> Required action: All pictures are to be dropped, and the remaining data set down exactly.

> Exercise materials:
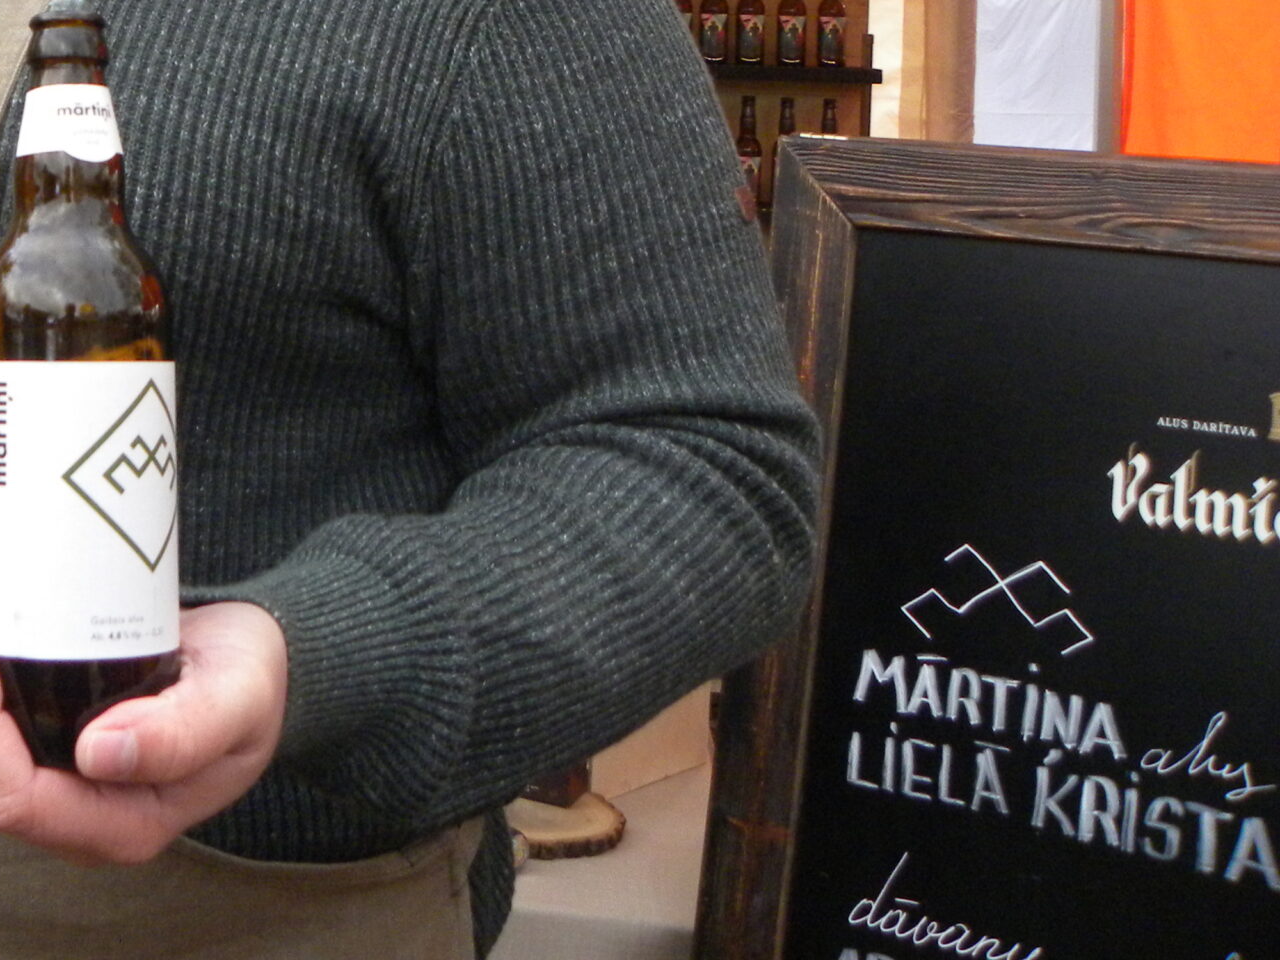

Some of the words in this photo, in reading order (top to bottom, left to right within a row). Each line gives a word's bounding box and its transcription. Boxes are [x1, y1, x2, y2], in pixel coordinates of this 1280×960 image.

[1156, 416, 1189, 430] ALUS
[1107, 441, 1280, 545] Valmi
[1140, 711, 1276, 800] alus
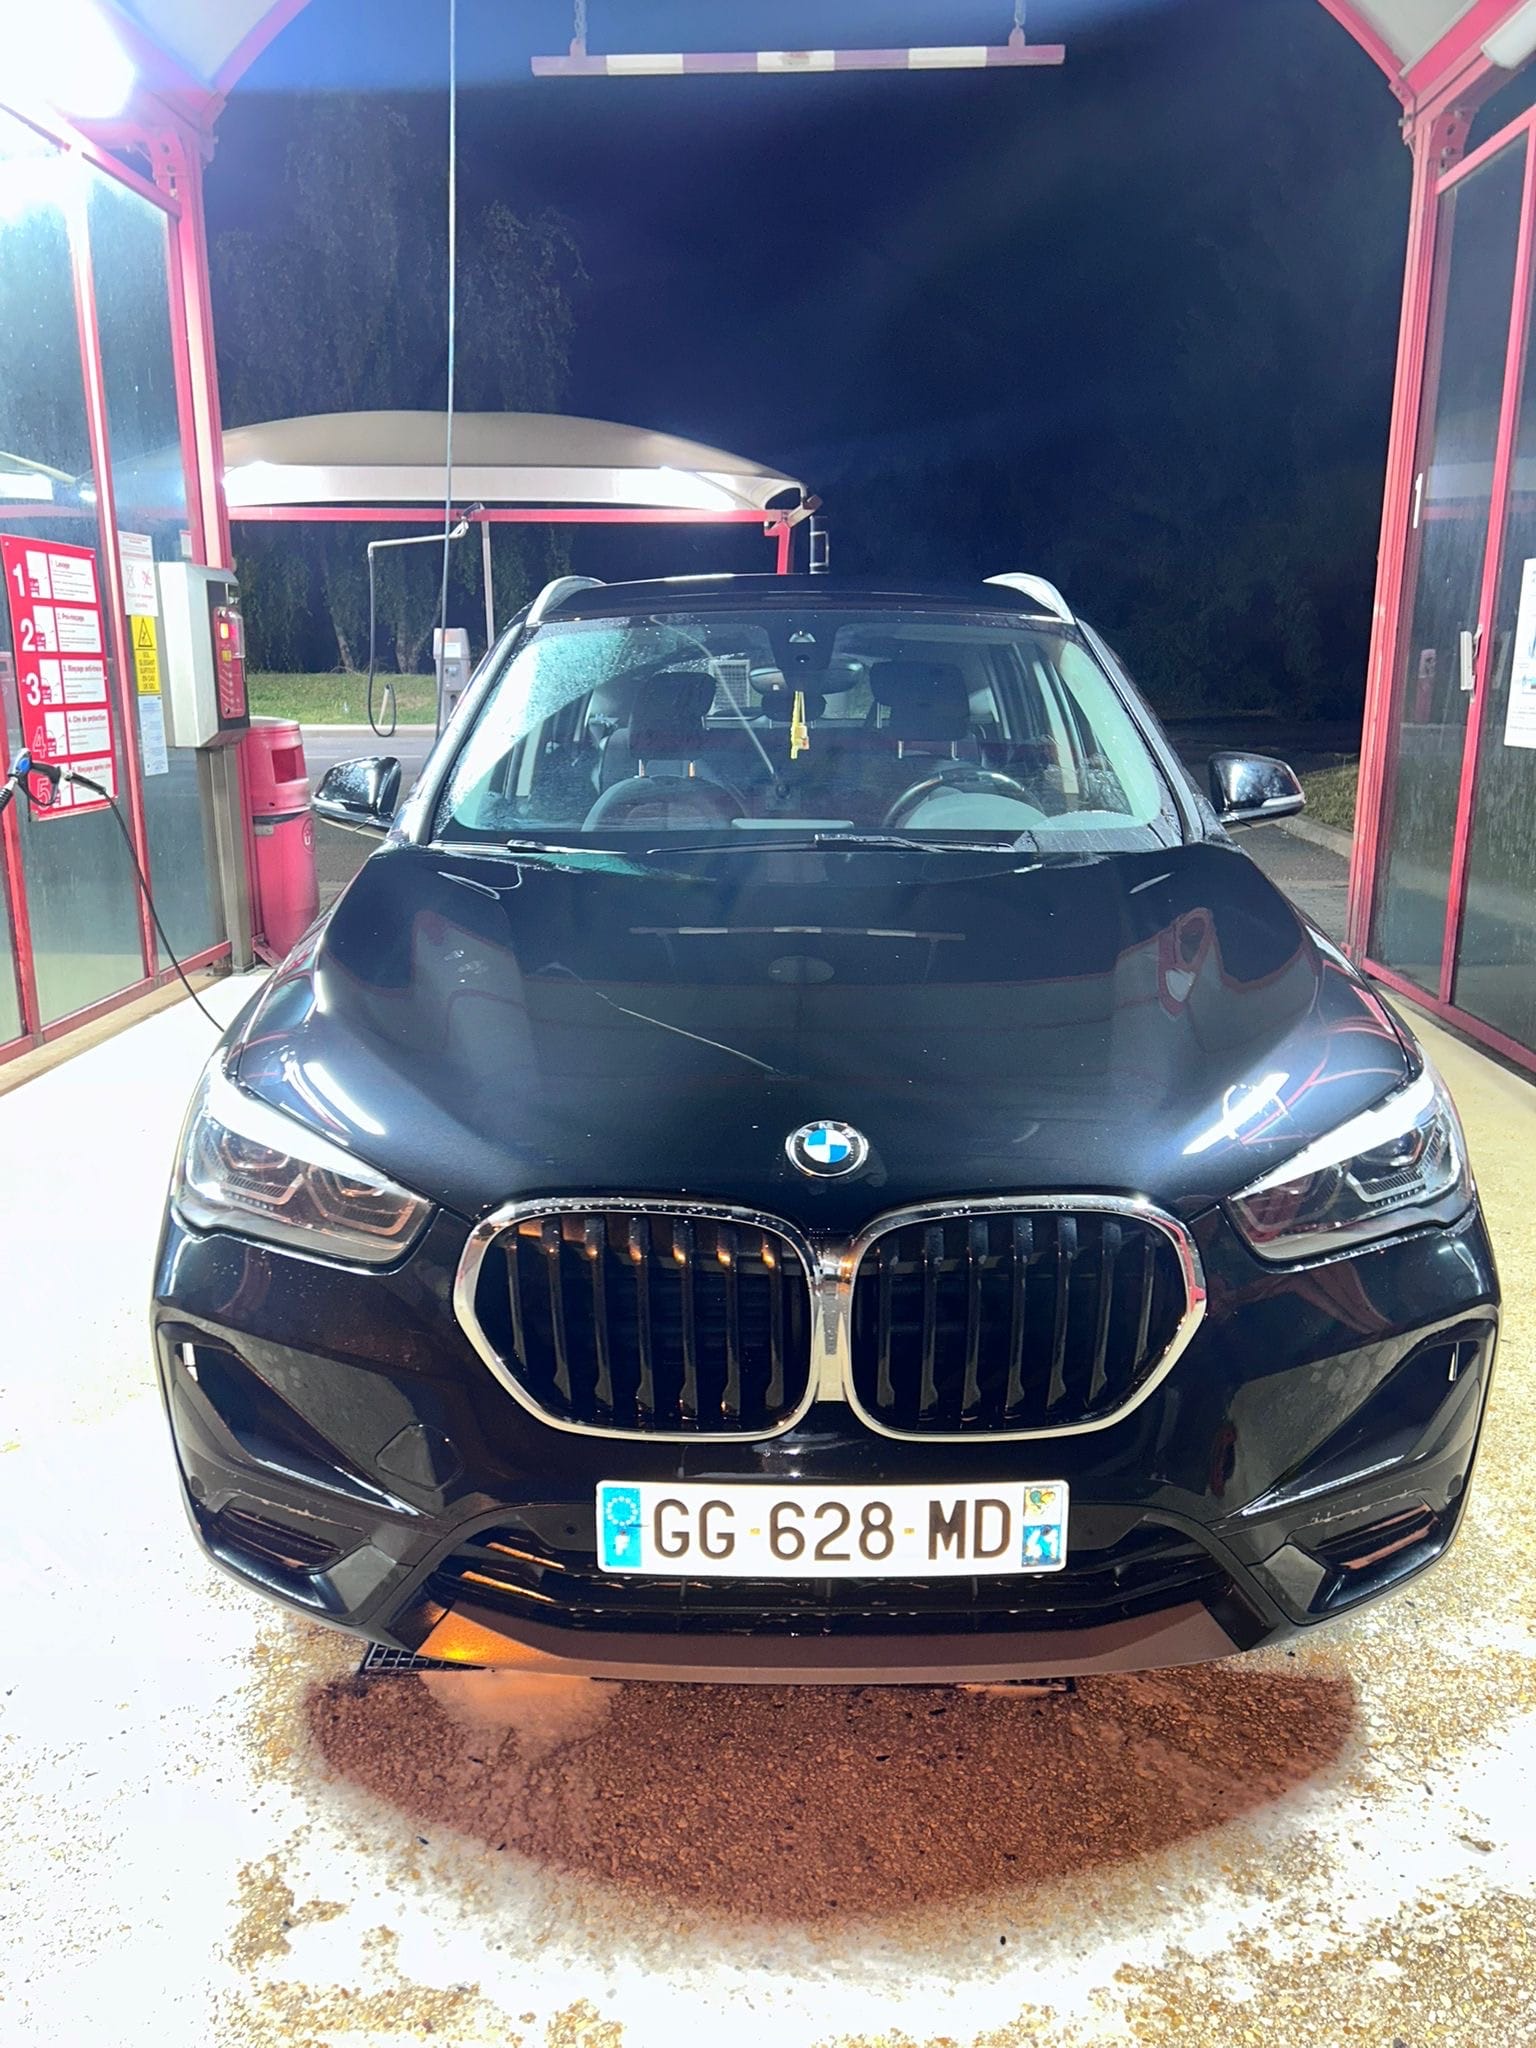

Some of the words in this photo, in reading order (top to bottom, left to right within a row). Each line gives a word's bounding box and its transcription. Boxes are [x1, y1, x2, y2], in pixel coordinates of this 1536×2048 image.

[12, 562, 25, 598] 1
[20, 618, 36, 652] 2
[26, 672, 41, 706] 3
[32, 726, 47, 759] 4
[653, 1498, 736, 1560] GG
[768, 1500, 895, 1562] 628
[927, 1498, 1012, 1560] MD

> Task response:
Some of the words in this photo, in reading order (top to bottom, left to right within a row). Each line gives a word's bounding box and its transcription. Boxes are [x1, y1, x2, y2], in pixel coordinates of this 1280×960 image.

[1156, 416, 1189, 430] ALUS
[1107, 441, 1280, 545] Valmi
[1140, 711, 1276, 800] alus

Some of the words in this photo, in reading order (top to bottom, left to right within a row). Each line gives a word's bounding box and its transcription. Boxes are [x1, y1, x2, y2], in pixel coordinates of this 1536×2048 image.

[12, 562, 25, 598] 1
[20, 618, 36, 652] 2
[26, 672, 41, 706] 3
[32, 726, 47, 759] 4
[653, 1498, 736, 1560] GG
[768, 1500, 895, 1562] 628
[927, 1498, 1012, 1560] MD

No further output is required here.